If you’re a brand-new business with no prior claims, the application is simpler. You’ll still need accurate payroll projections, because the insurer will audit your actual numbers at the end of the policy period and adjust your premium accordingly.

Steps to Get Your Policy

Once you’ve gathered your information, the process is fairly straightforward:

  • Get multiple quotes. Request quotes from at least two or three carriers, or work with an independent agent who can do this for you. Compare not just premium prices but also the insurer’s claims handling reputation and any available discounts for safety programs.
  • Review the policy details. Confirm the class codes are correct, check whether the policy covers all the states where your employees work, and understand the audit process at the end of the term.
  • Pay the deposit and bind coverage. Traditional policies often require a down payment of around 25% of the estimated annual premium, with the remainder paid in monthly installments. Once you pay and the insurer binds the policy, coverage is active.
  • Post required notices. Most states require you to display a workers’ comp notice in a visible area of your workplace. Your insurer will typically provide the poster or direct you to where you can download one.

Consider Pay-As-You-Go Billing

Traditional workers’ comp bills you based on estimated payroll, which can create cash flow headaches. If your headcount fluctuates seasonally or you’re a new business unsure of your hiring pace, a pay-as-you-go plan may be a better fit.

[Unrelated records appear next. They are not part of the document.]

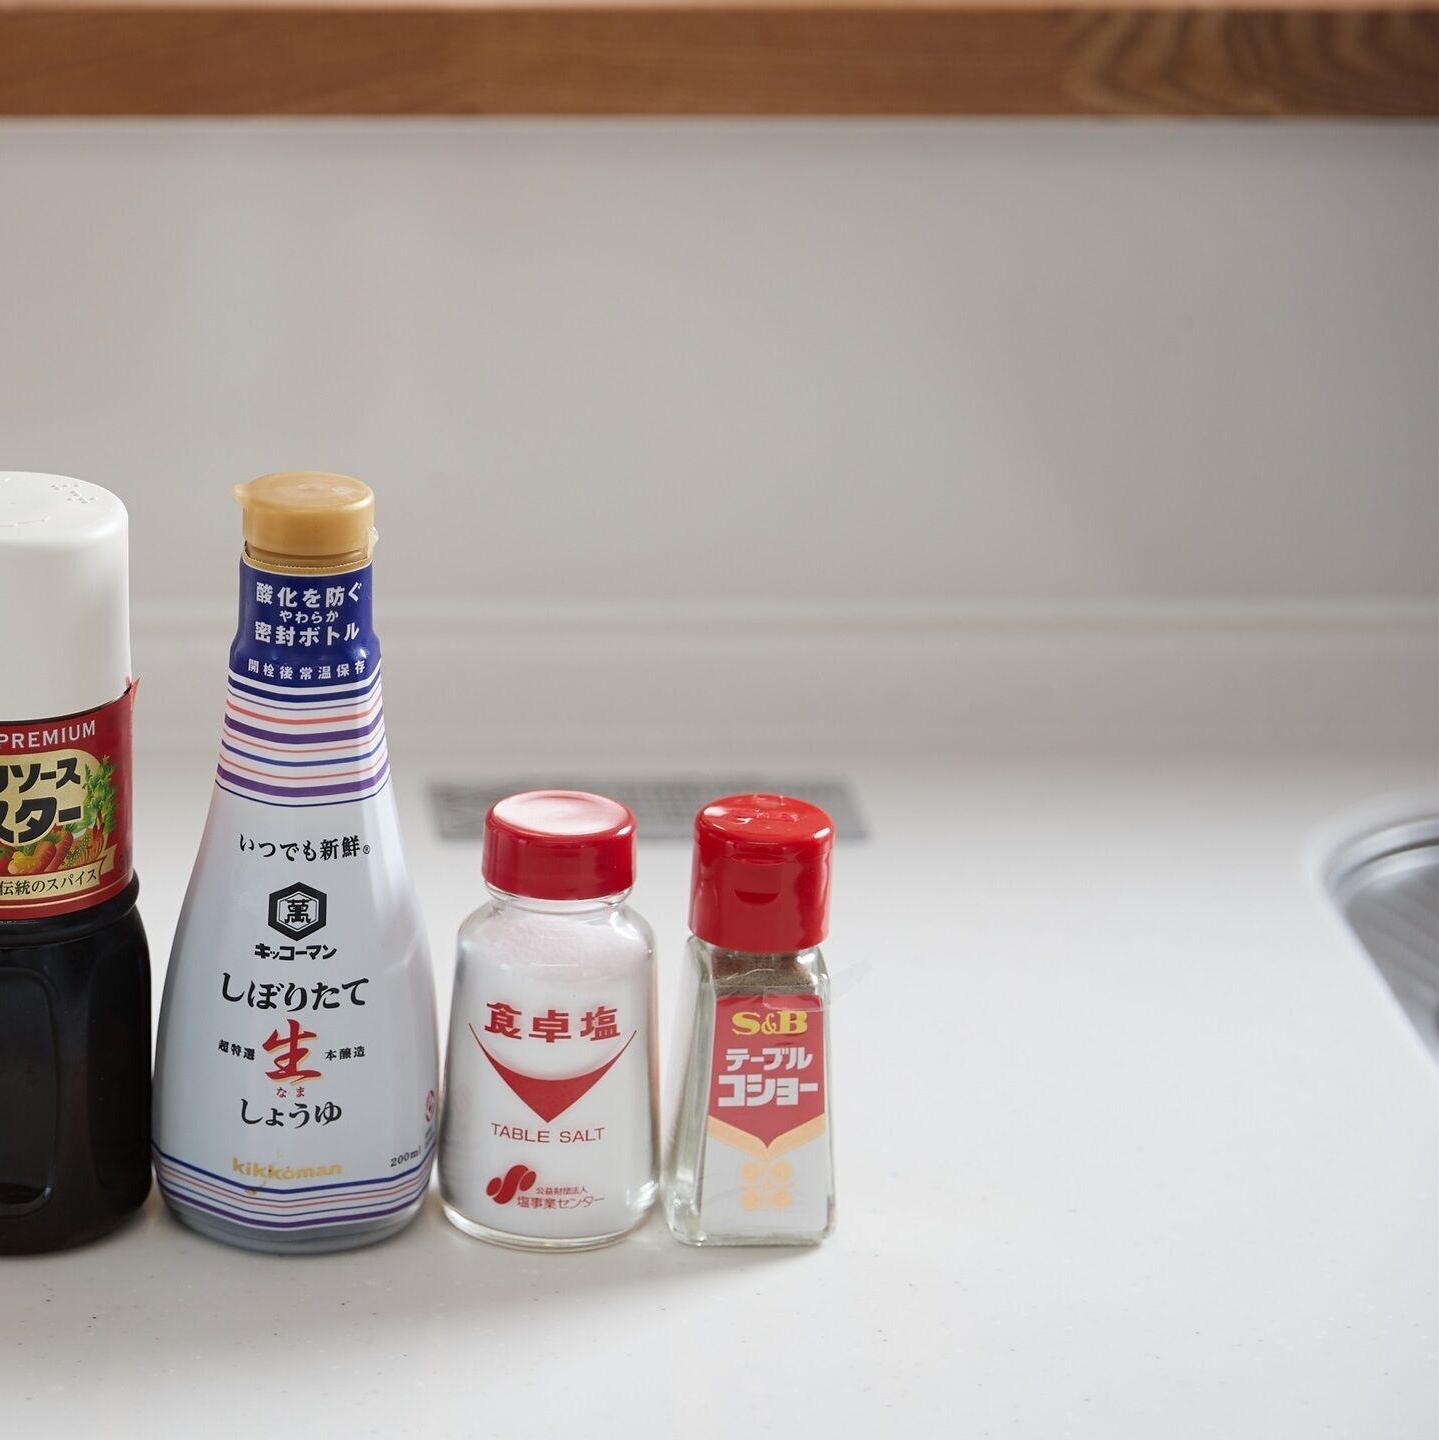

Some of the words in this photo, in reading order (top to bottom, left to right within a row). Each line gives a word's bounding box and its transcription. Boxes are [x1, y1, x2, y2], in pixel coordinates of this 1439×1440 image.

[256, 581, 363, 608] 酸化を防ぐ
[279, 609, 340, 624] やわらか
[254, 621, 360, 647] 密封ボトル
[247, 658, 366, 680] 開栓後常温保存
[254, 943, 338, 961] キッコーマン
[220, 972, 370, 1013] しぼりたて
[484, 1002, 621, 1043] 食卓塩
[732, 1010, 808, 1036] S&B
[261, 1018, 323, 1086] 生
[726, 1047, 813, 1071] テーブル
[276, 1086, 306, 1098] なま
[718, 1073, 818, 1107] コショー
[240, 1098, 343, 1129] しょうゆ
[491, 1122, 550, 1143] TABLE
[559, 1127, 605, 1143] SALT
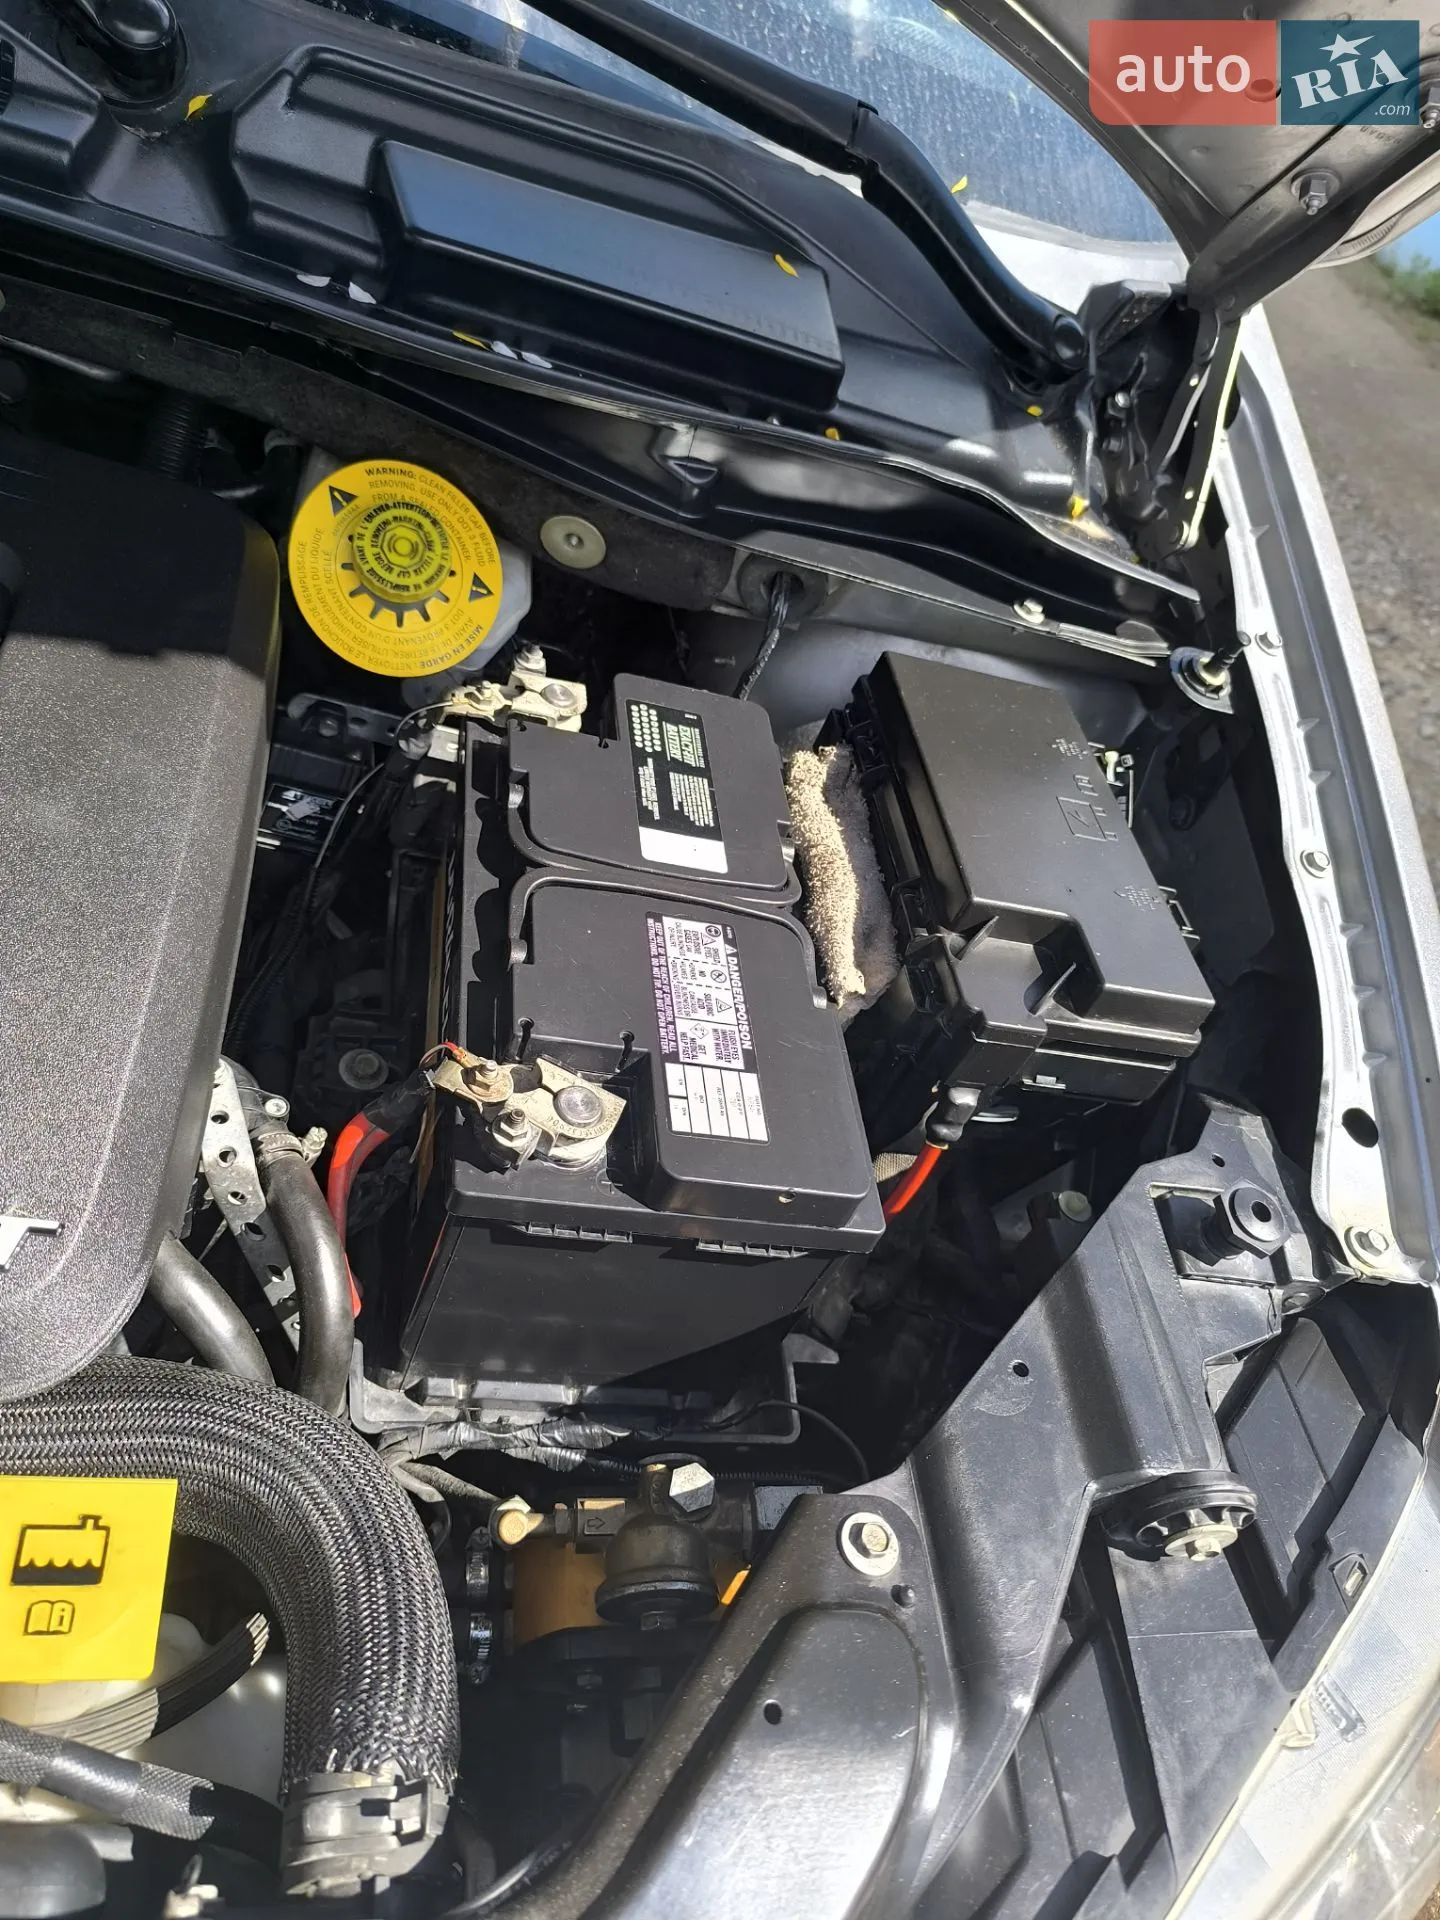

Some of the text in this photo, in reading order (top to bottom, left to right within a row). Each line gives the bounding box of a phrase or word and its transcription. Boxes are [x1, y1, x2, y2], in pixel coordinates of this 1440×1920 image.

[666, 722, 682, 761] BATTERY
[678, 724, 696, 767] EXACT-FIT
[654, 921, 663, 935] KEEP
[656, 935, 664, 946] OUT
[657, 947, 665, 955] OF
[651, 957, 659, 966] DO
[658, 955, 666, 966] THE
[652, 966, 660, 978] NOT
[659, 966, 669, 984] REACH
[698, 969, 706, 977] NO
[662, 984, 670, 993] OF
[656, 998, 664, 1010] NOT
[726, 955, 752, 1050] DANGER/POISON
[657, 1011, 666, 1027] OPEN
[666, 1024, 676, 1040] READ
[711, 1027, 720, 1041] WITH
[668, 1040, 677, 1052] ALL
[679, 1031, 691, 1061] HELP FAST.
[688, 1036, 699, 1061] MEDICAL
[697, 1044, 706, 1055] GET
[719, 1028, 731, 1064] IMMEDIATELY
[727, 1029, 739, 1060] FLUSH EYES
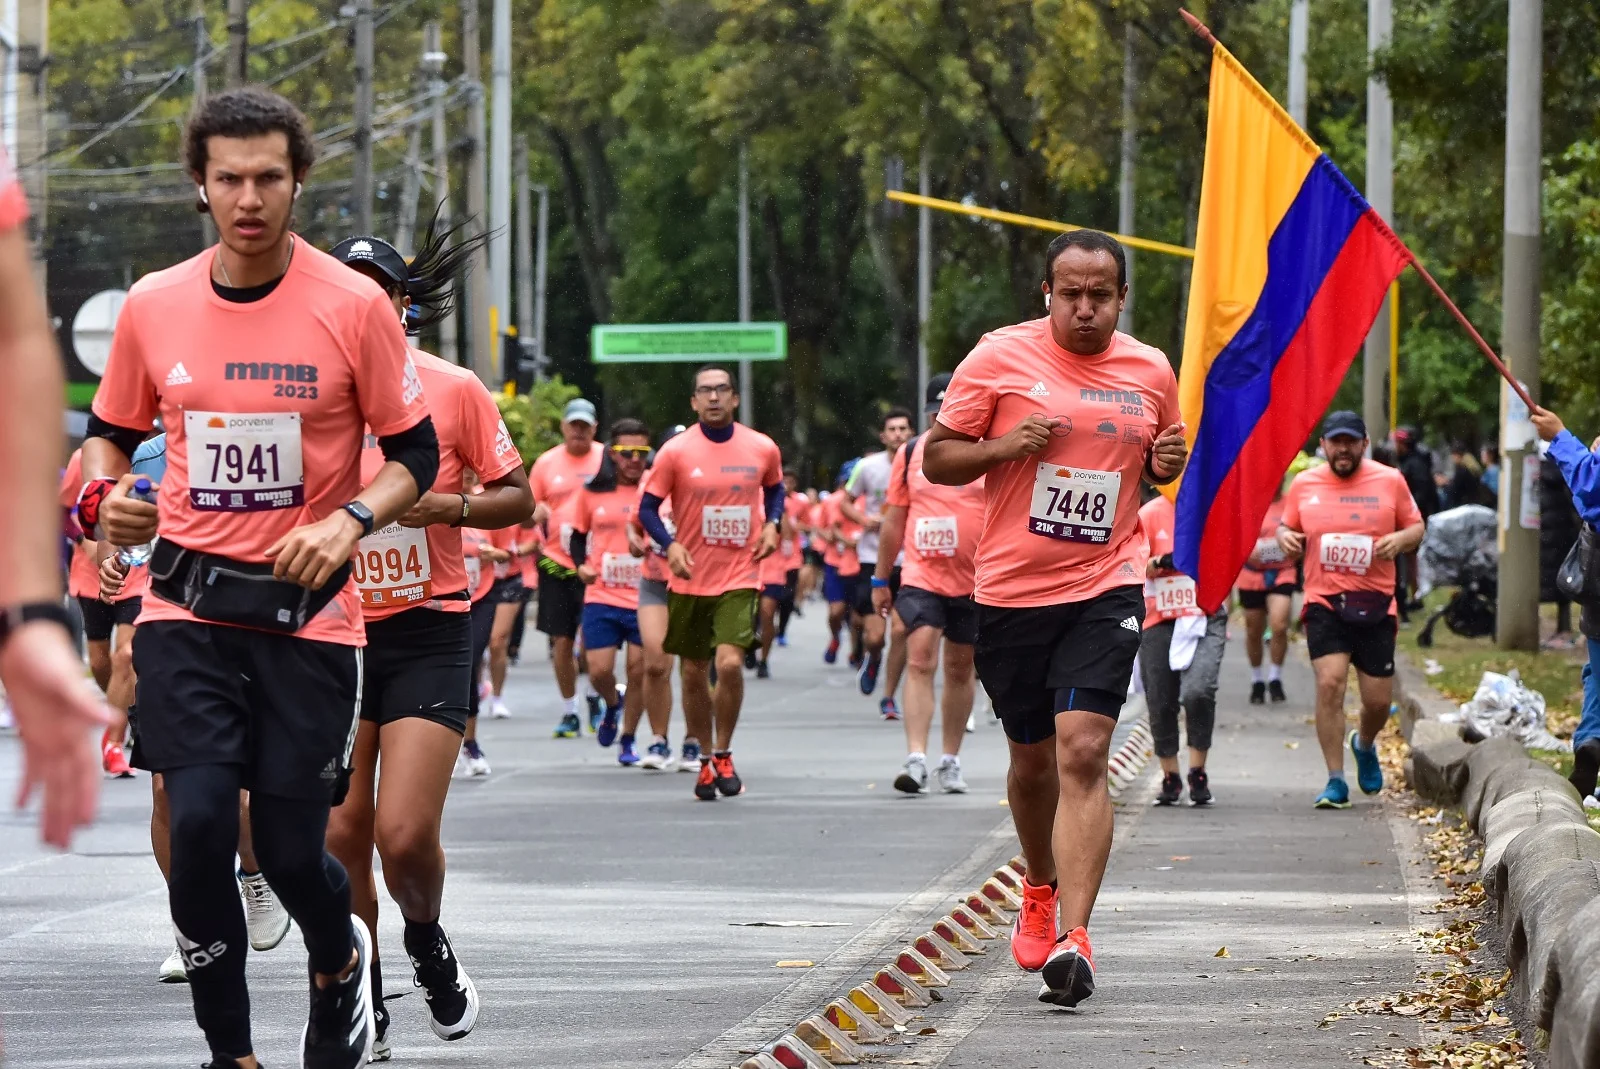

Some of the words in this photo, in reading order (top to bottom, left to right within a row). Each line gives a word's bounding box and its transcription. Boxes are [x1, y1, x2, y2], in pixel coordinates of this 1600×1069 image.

[273, 384, 318, 400] 2023
[1120, 405, 1144, 417] 2023
[230, 418, 275, 429] porvenir
[206, 444, 280, 484] 7941
[1074, 471, 1106, 481] porvenir
[197, 492, 222, 507] 21K
[272, 498, 293, 507] 2023
[1046, 486, 1107, 523] 7448
[707, 519, 748, 536] 13563
[1035, 521, 1056, 534] 21K
[918, 529, 955, 547] 14229
[1326, 546, 1367, 565] 16272
[407, 593, 424, 602] 2023

With pay-as-you-go, your premium is calculated each pay period based on actual payroll rather than annual projections. The workers’ comp charge is bundled into your regular payroll run, so you pay one combined bill to your payroll provider. This means your premiums automatically adjust when you add or lose employees. The year-end audit is also less likely to produce a surprise bill, since you’ve been paying on real numbers all along.

The tradeoff: pay-as-you-go still requires some upfront payment, just less than a traditional plan’s 25% deposit. Not every insurer or payroll service offers this option, so you’ll need to confirm availability with both your carrier and payroll provider before committing.

What Happens After You’re Covered

Your responsibilities don’t end once the policy is in place. At the end of each policy period (usually 12 months), the insurer conducts a premium audit. They’ll compare the payroll figures you estimated at the start of the term against your actual payroll records. If your real payroll was higher than projected, you’ll owe additional premium. If it was lower, you’ll get a credit.

Keeping clean payroll records organized by job classification throughout the year makes audits painless. It also helps to notify your insurer whenever you add new types of work or hire employees in roles that fall under different class codes, since misclassified employees can trigger penalties or coverage gaps.

If an employee is injured, report the claim to your insurer as quickly as possible. Most states set strict deadlines for employers to file injury reports, and delays can result in fines. Your insurer handles the claims process from there, covering the employee’s medical expenses and a portion of lost wages as defined by your state’s benefit schedule.